→ What to do
When you transcribe the entries, reproduce every character and exclude the images.

→ Material provided

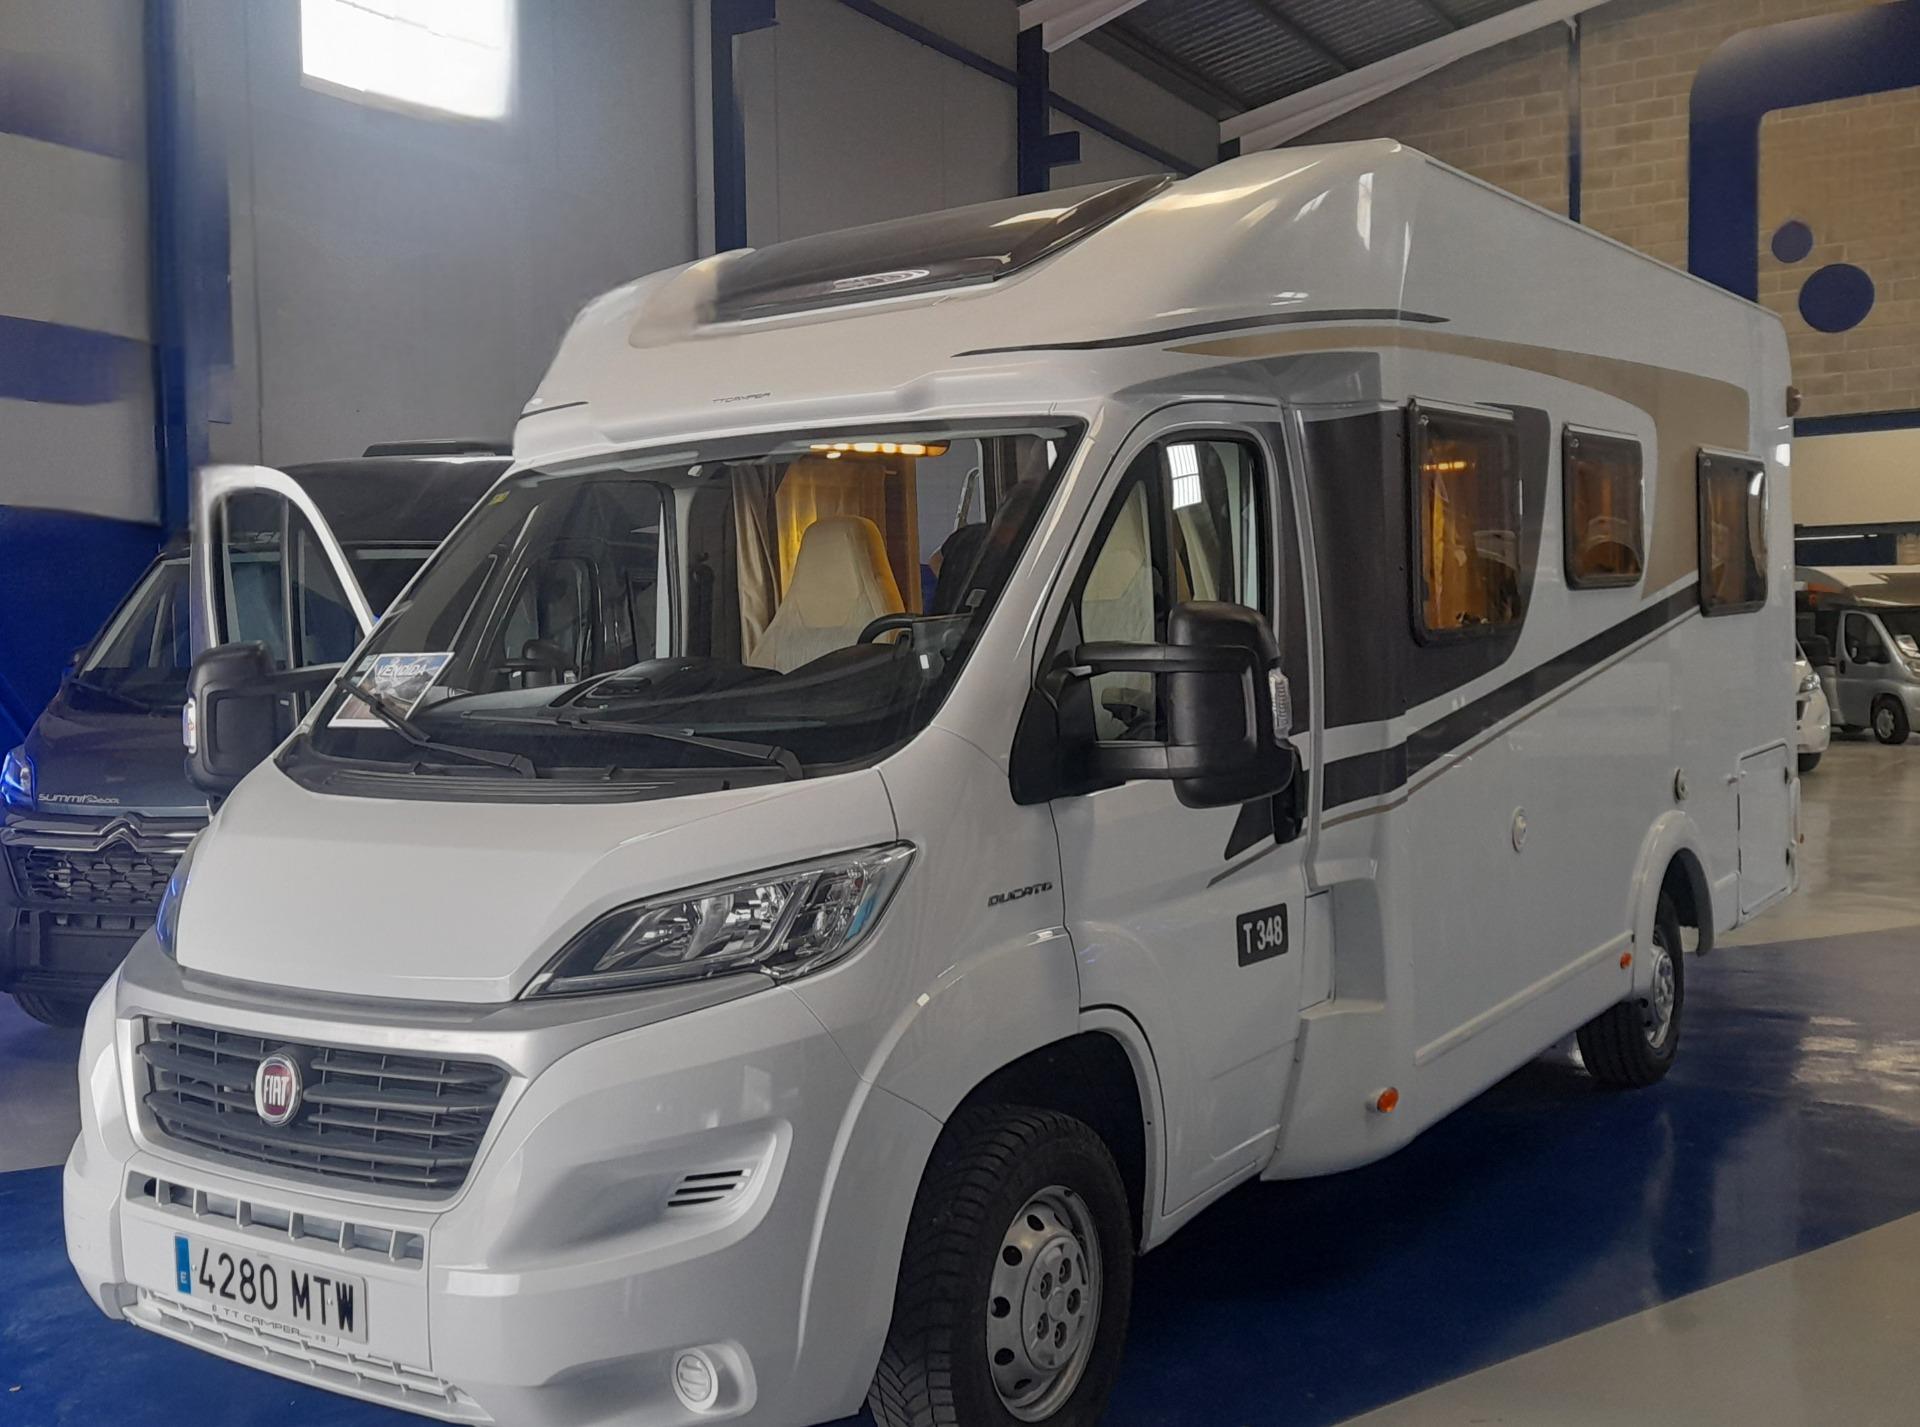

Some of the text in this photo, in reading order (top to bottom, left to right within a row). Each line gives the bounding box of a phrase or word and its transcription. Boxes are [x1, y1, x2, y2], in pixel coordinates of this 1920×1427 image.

[987, 881, 1053, 907] DUCATO
[1243, 915, 1283, 954] T 348
[264, 1074, 290, 1107] FIAT
[200, 1247, 354, 1333] 4280 MTW
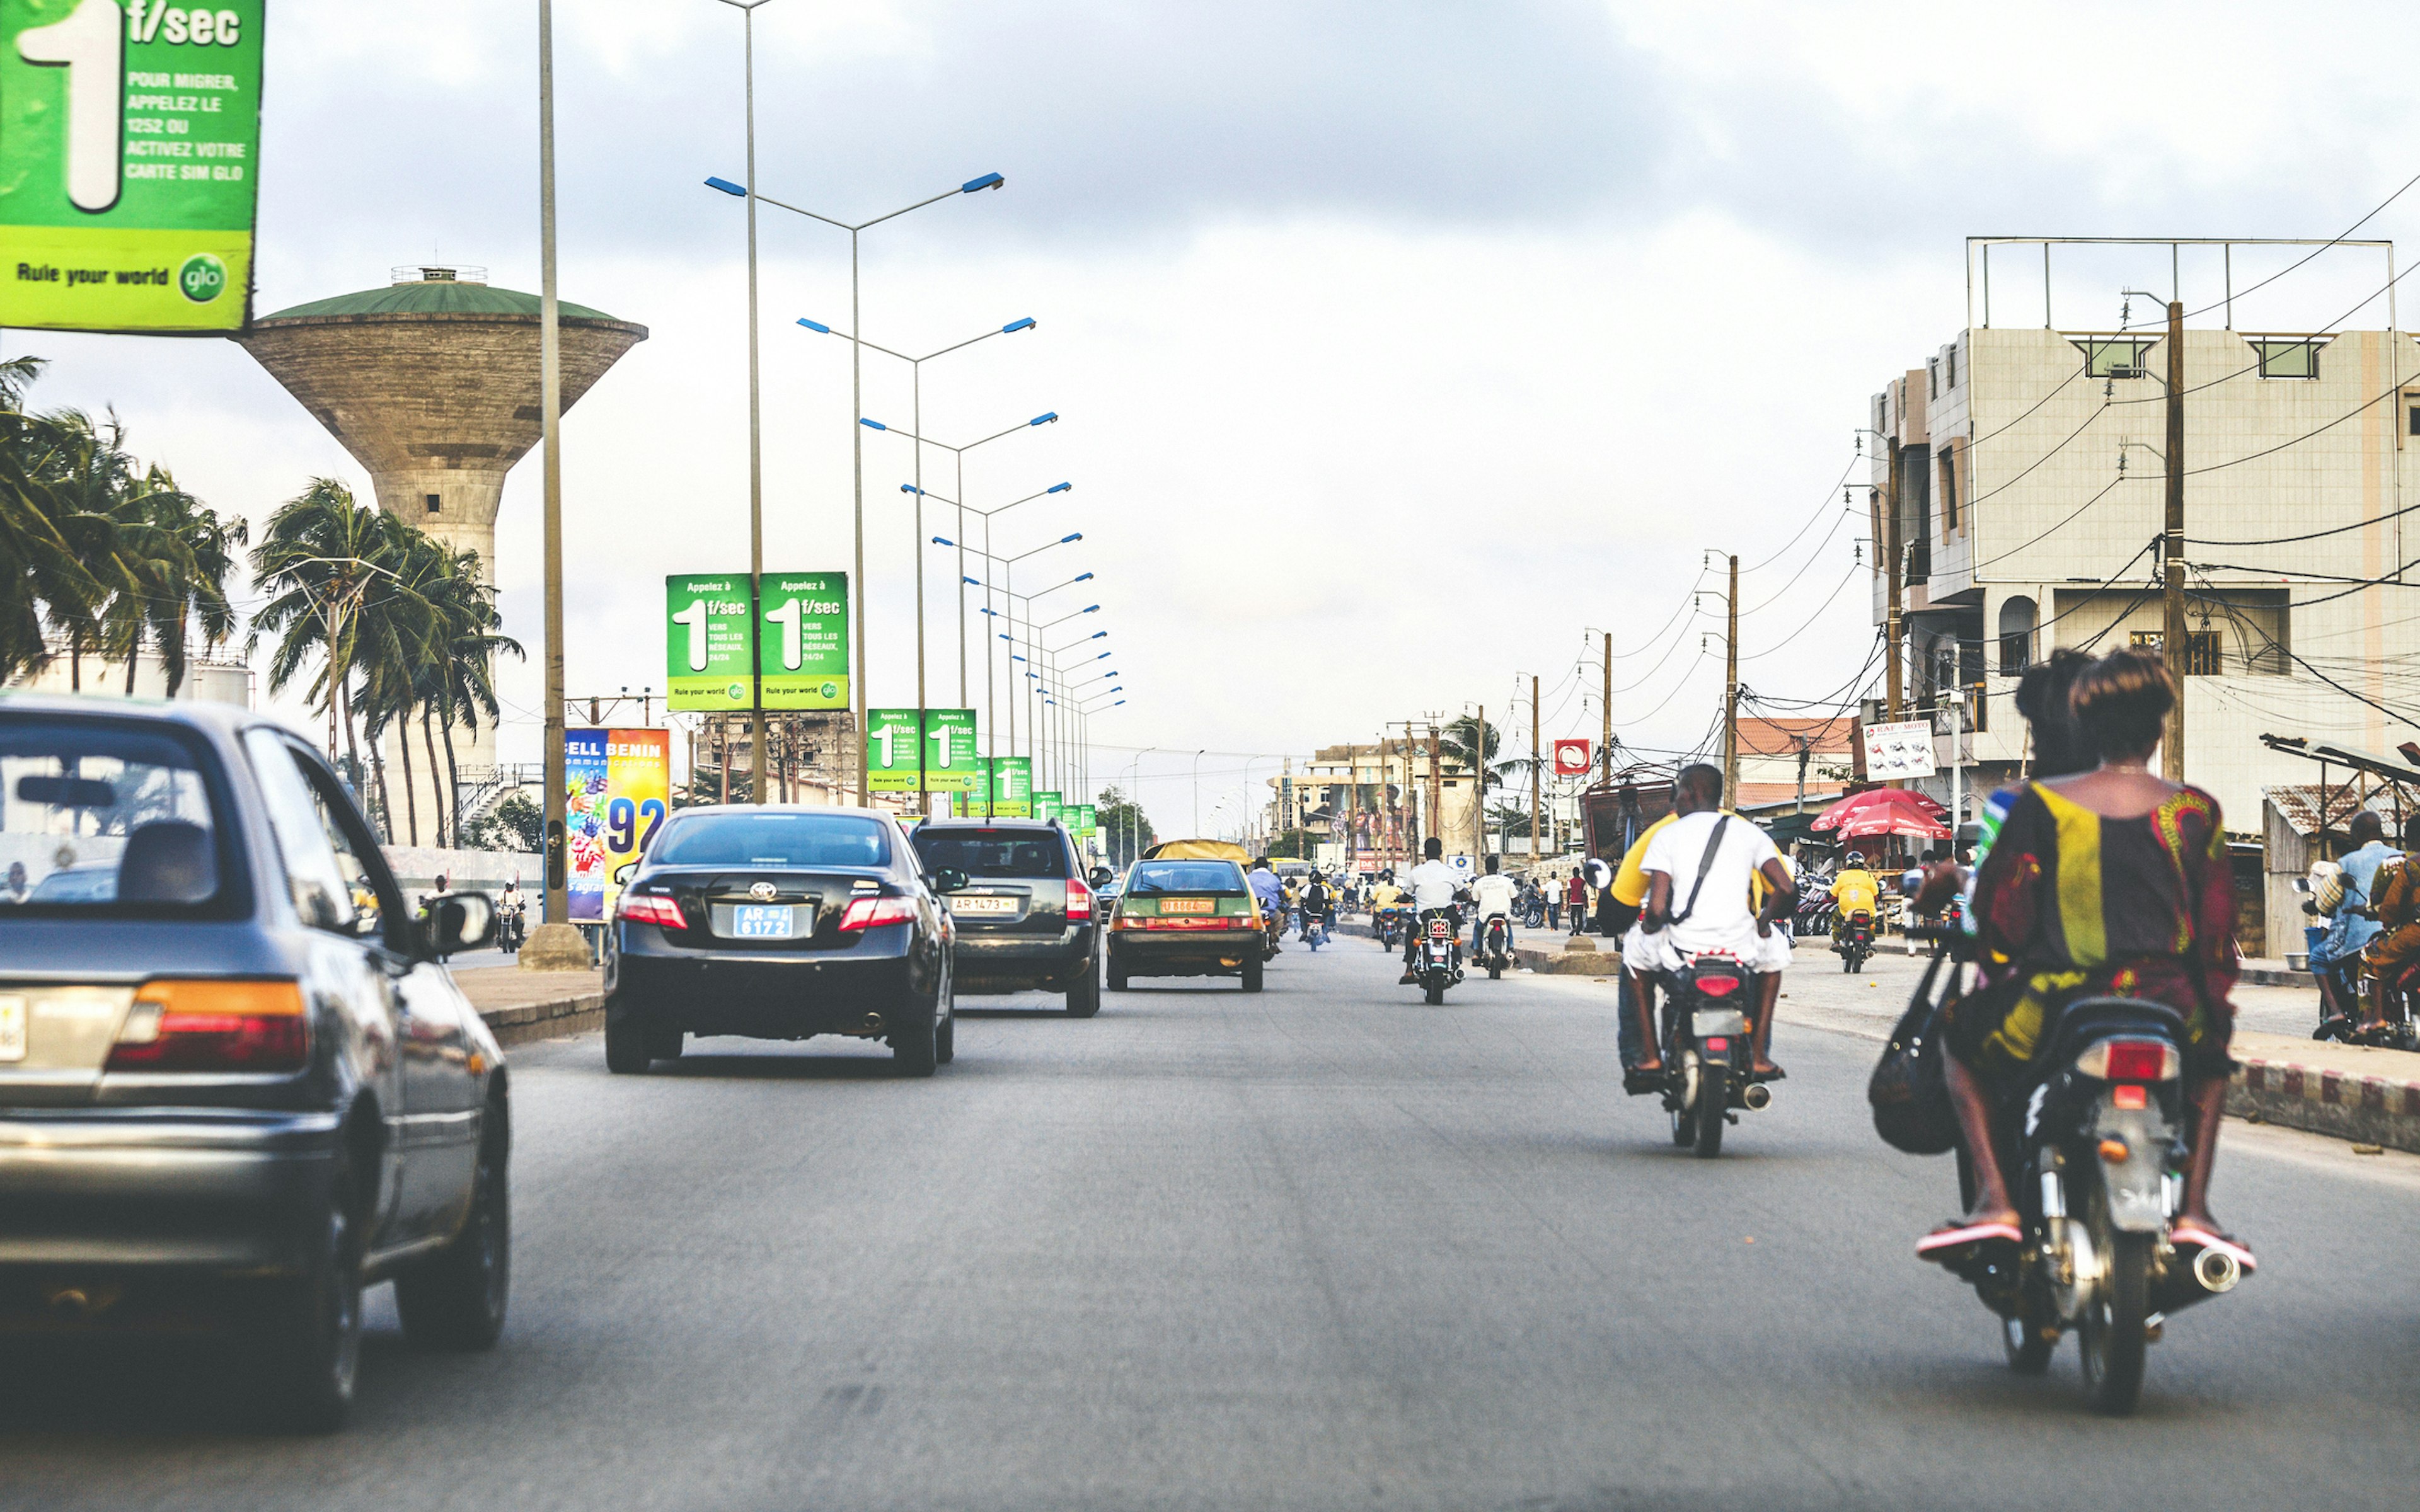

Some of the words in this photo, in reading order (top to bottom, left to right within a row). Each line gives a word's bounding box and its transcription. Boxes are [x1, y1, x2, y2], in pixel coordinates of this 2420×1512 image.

→ Response for this exercise
Some of the text in this photo, in reading order (top to bottom, left to right within a row). Each line gives the bounding box of a phrase or word and its transcription. Boxes are [x1, y1, x2, y2], in pixel coordinates of this 1920×1427 image.

[987, 881, 1053, 907] DUCATO
[1243, 915, 1283, 954] T 348
[264, 1074, 290, 1107] FIAT
[200, 1247, 354, 1333] 4280 MTW

Some of the words in this photo, in reading order (top to bottom, left to right within a row). Each line gives a word's bounding box and its transcription. Boxes are [x1, y1, x2, y2], in pixel coordinates of this 2420×1512 image.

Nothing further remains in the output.